La convention régionale d’Europe-Ecologie, qui se tenait samedi 8 mai à Troyes, a donné lieu à un énième psychodrame. Quelques Verts, récemment exclus parce qu’ils avaient fait campagne contre leur propre parti, ont voulu s’inviter à cette convention, provoquant un joli chahut digne des grandes heures des Verts !
Les victimes tombent parfois amoureuses de leurs bourreaux. C’est ce qu’on appelle communément le syndrome de Stockholm.

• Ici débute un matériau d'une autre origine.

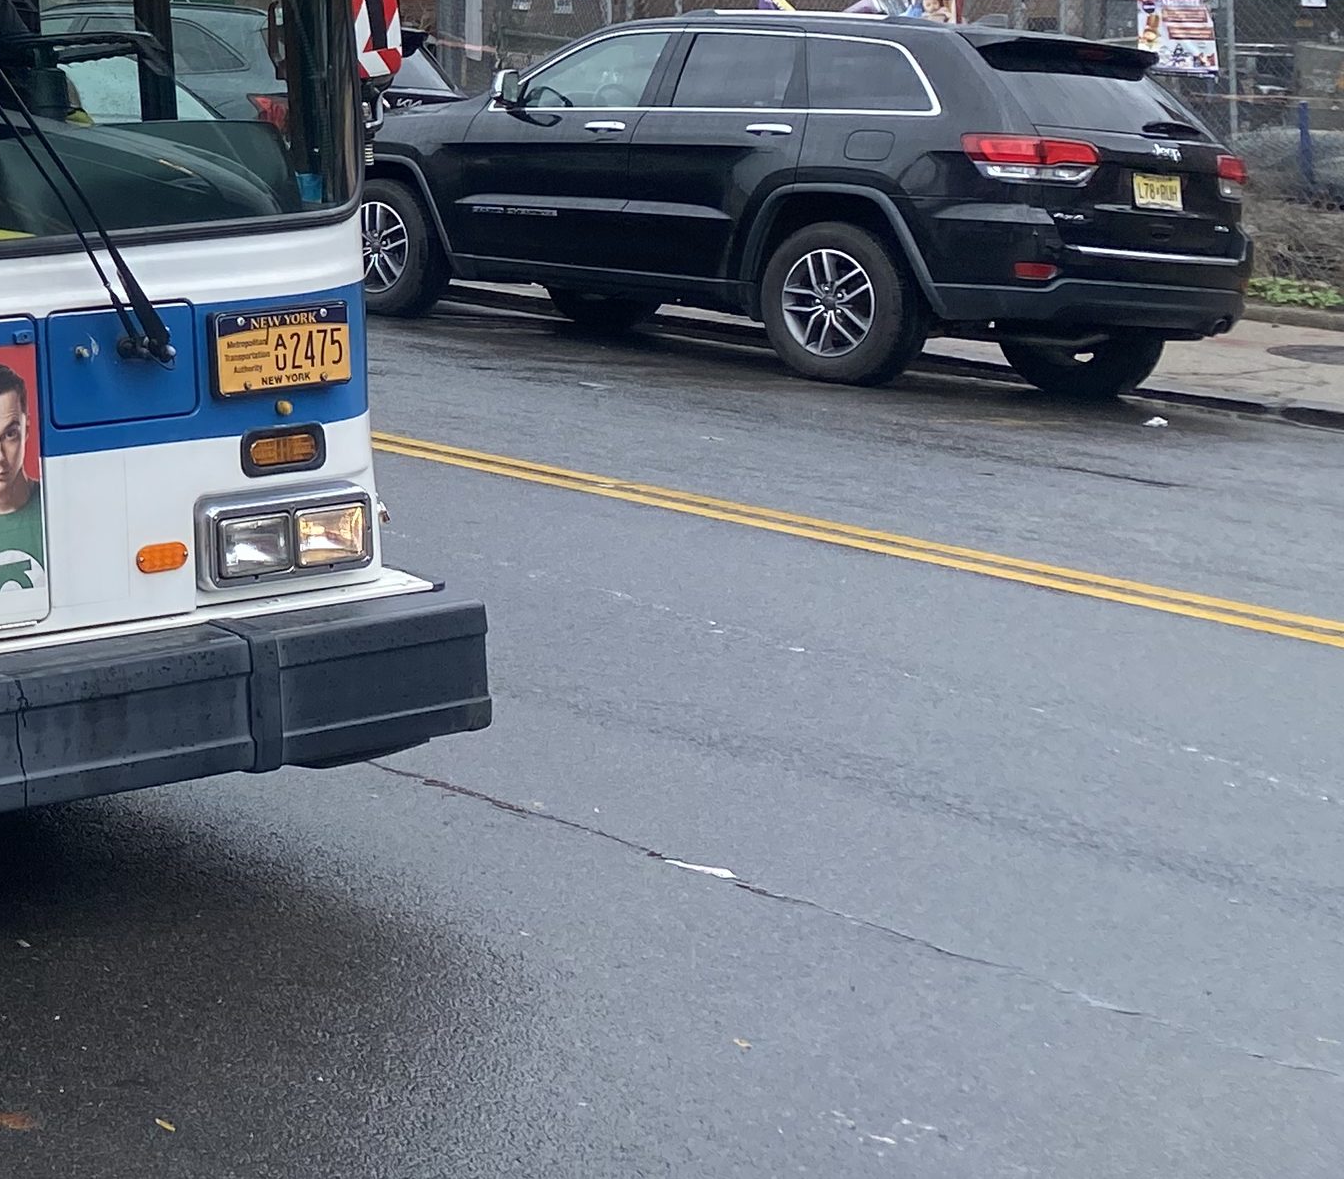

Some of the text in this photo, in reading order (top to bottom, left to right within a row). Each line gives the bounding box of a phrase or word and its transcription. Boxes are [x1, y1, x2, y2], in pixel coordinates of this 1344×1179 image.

[250, 311, 317, 330] NEW YORK
[261, 372, 312, 386] NEW YORK

Chez les Verts de l’Aube, une épidémie de cette étrange réaction semble gagner l’ensemble des anciens responsables de ce parti. On se souvient du conflit qui a opposé quelques militants aubois à la direction régionale des Verts et celle d’Europe-Ecologie lors des dernières élections régionales. Les responsables aubois ont rapidement pris la position de victime, dénonçant le putsch des uns, l’entrisme des autres, l’arrivée de transfuge du PS ou le retour d’anciens traitres passés par la case MoDem. Mise en minorité au sein de leur propre parti, quelques responsables aubois ont alors refusé le fait majoritaire de leur propre structure et appelé d’abord à voter blanc puis, pour certains, pour la liste de Jean-Paul Bachy au 1er tour. Ils ont été suspendus, puis exclus.
On aurait pu s’arrêter là. D’autres, comme moi, ont vécu la même mésaventure, choisissant un autre chemin que celui que leur imposait leur propre parti. Ils ont alors quitté un navire qui ne semblait pas prendre la bonne direction. Ce sont des choses qui arrivent.
Ici, la poignée de militants aubois a préfèré s’entêter et s’accrocher frénétiquement à un pouvoir insignifiant. S’estimant les victimes de « je ne sais » quel complot ourdi par un opportuniste du PS, un revanchard du MoDem et un parvenu de leur propre camp, ces quelques militants refusent de lâcher le morceau. Depuis 8 mois, ils dénoncent, vitupèrent, vocifèrent contre Europe-Ecologie. Depuis 8 mois, ils ne cessent de répéter que ce rassemblement les a mis sur la touche.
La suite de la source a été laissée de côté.